Elucidation of the mechanism of amorphization and dissolution of bad glass former as a function of drug-polymer interaction and preparation method

Project/agreement No.

lzp-2024/1-0037

Project funding

300 000.00 EUR

Project manager

Valentyn Mohylyuk

Project realization

01.01.2025. - 31.12.2027.

Aim

The aim of the project is to investigate the amorphization and dissolution mechanism of a poor glass former as a function of drug and polymer interactions and preparation method. The drug sample naproxen is a poorly soluble medication and a poor glass former (worst-case scenario).

Description

The project will study the impact of polymer and solvent properties (solubility parameters, interaction with drugs, molecular weight, rheological properties, and glass transition temperature) on the stability of high drug-loaded ASD solids, thermodynamic and kinetic stabilization. The effect of manufacturing methods (liquid layer coating and electrospinning), process parameter settings on the obtained ASD solids and their physical stability, as well as a comparison of both methods, will be investigated.
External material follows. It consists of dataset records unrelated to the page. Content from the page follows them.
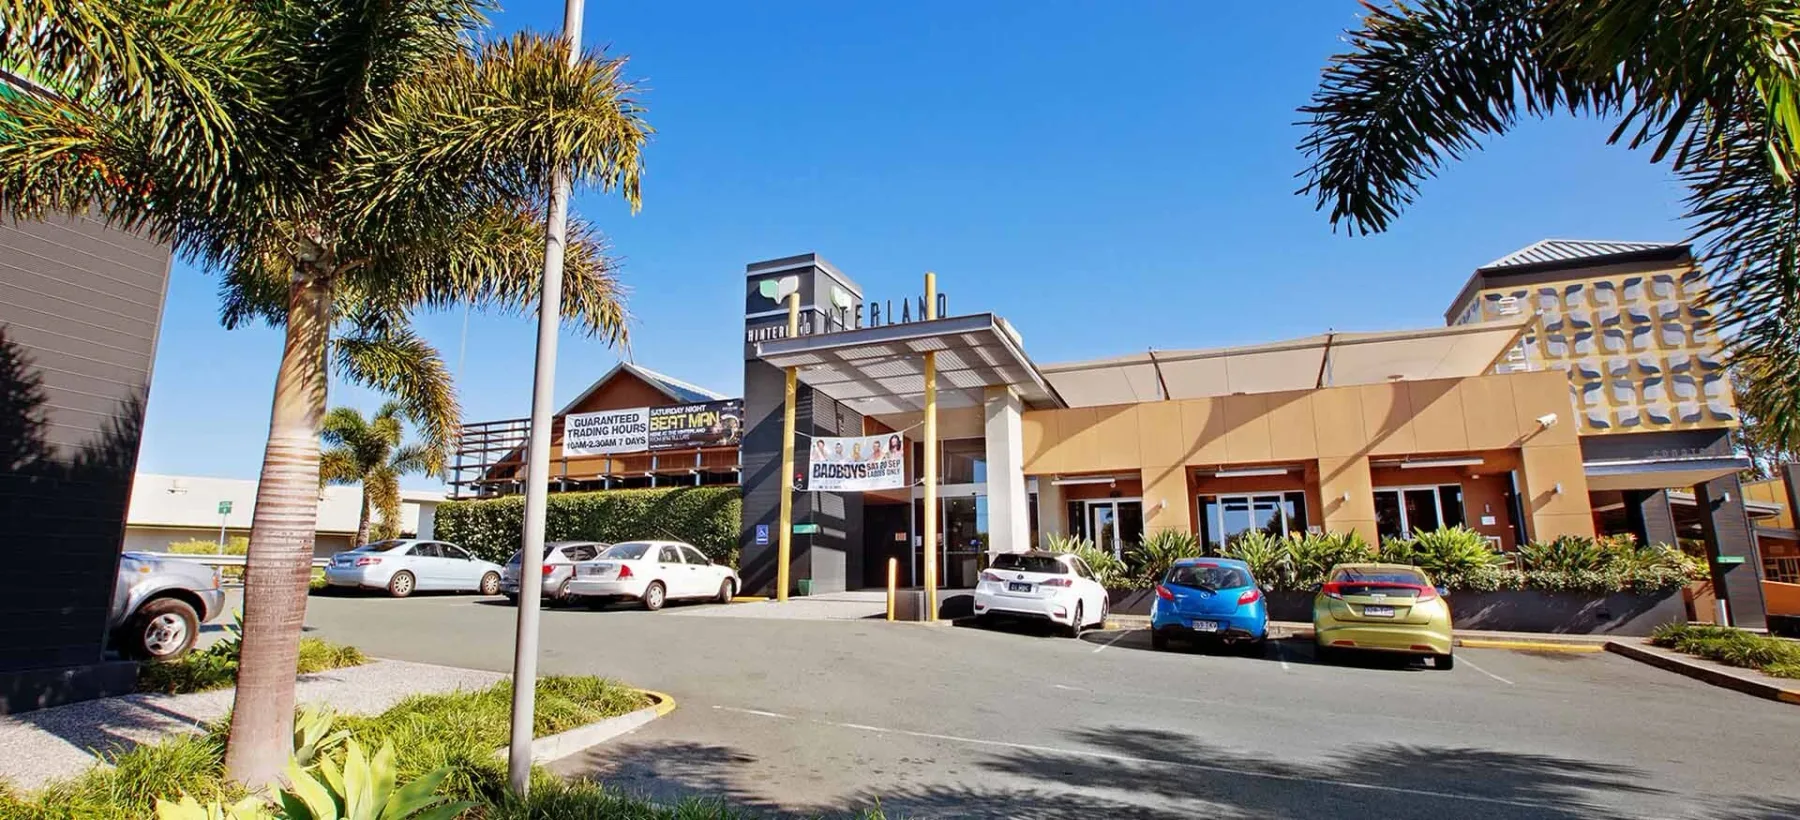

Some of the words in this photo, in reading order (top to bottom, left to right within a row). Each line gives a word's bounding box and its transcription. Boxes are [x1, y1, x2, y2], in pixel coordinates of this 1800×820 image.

[651, 407, 684, 416] SATURDAY
[685, 405, 706, 413] NIGHT
[574, 413, 639, 428] GUARANTEED
[650, 414, 687, 431] BEAT
[688, 411, 719, 428] MAN
[567, 427, 609, 438] TRADING
[611, 423, 646, 435] HOURS
[567, 439, 617, 450] 10AM-2.30AM
[619, 438, 623, 446] 7
[625, 436, 646, 446] DAYS
[813, 463, 867, 479] BADBOYS
[867, 462, 879, 471] SAT
[888, 460, 901, 469] SEP
[887, 468, 900, 476] ONLY
The impact of ASD composition (polymer type and drug load), manufacturing method, and polymer dissolution rate on the in vitro dissolution profile of the drug under simulated gastric and intestinal conditions, drug and polymer release, as well as critical parameters such as the congruence limit, will be examined. Algorithms will be proposed to tailor the main properties of the manufactured ASD, including the dissolution profile.

The project is interdisciplinary. It includes the following research areas: pharmacy, materials engineering, polymer chemistry, and physics. The project results will include three publications, three conference theses, and a Latvian patent.